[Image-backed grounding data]
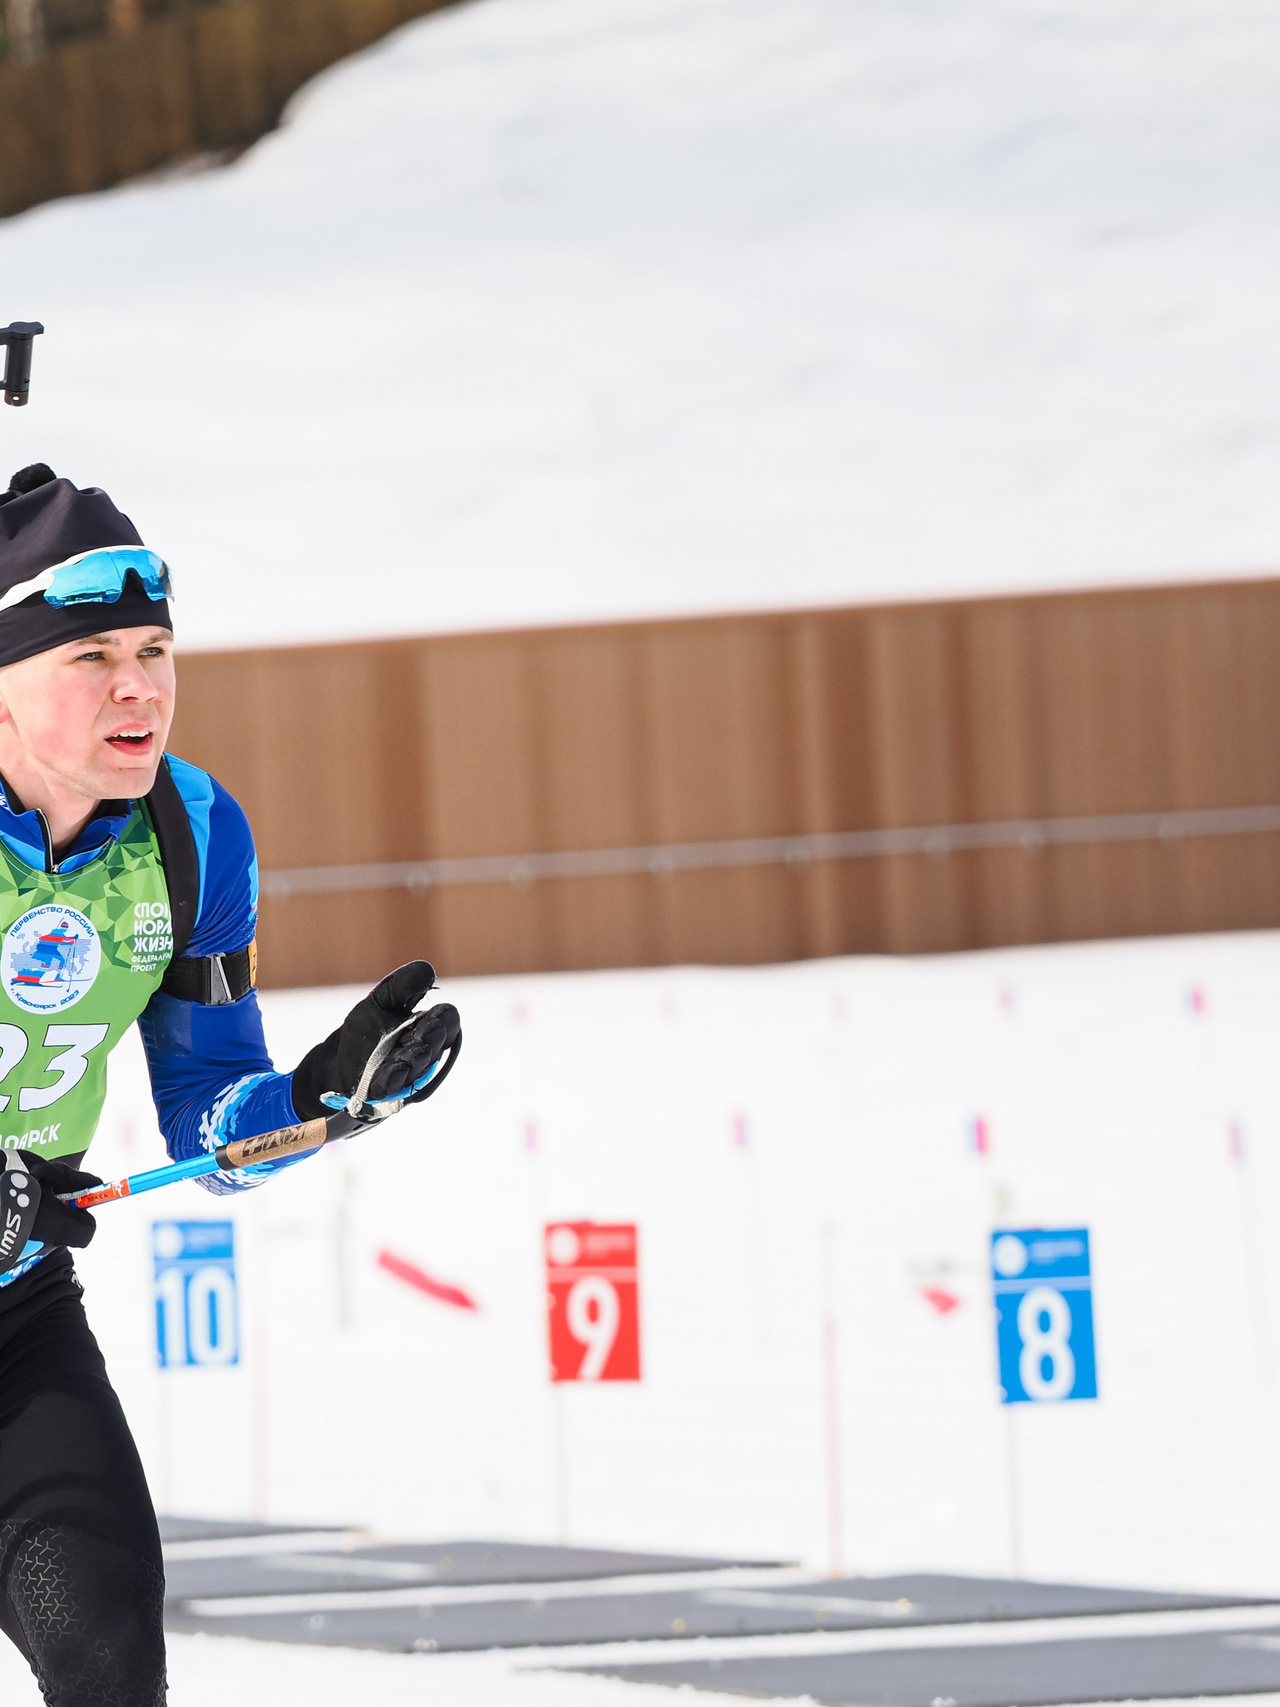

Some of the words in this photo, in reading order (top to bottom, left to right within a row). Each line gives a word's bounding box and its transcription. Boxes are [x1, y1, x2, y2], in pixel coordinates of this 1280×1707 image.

[10, 906, 64, 938] ПЕРВЕНСТВО
[64, 908, 95, 938] РОССИИ
[132, 935, 174, 953] ЖИЗН
[130, 963, 157, 973] ПРОЕКТ
[15, 992, 57, 1011] Красноярск
[60, 989, 81, 1006] 2023
[155, 1266, 239, 1367] 10
[565, 1275, 620, 1381] 9
[1017, 1286, 1076, 1402] 8

◆ Prompt
Return every entry above exactly. Pictures stay out.

◆ Solved problem
Some of the words in this photo, in reading order (top to bottom, left to right within a row). Each line gives a word's bounding box and its transcription. Boxes are [x1, y1, x2, y2], in pixel coordinates of this 1280×1707 image.

[10, 906, 64, 938] ПЕРВЕНСТВО
[64, 908, 95, 938] РОССИИ
[132, 935, 174, 953] ЖИЗН
[130, 963, 157, 973] ПРОЕКТ
[15, 992, 57, 1011] Красноярск
[60, 989, 81, 1006] 2023
[155, 1266, 239, 1367] 10
[565, 1275, 620, 1381] 9
[1017, 1286, 1076, 1402] 8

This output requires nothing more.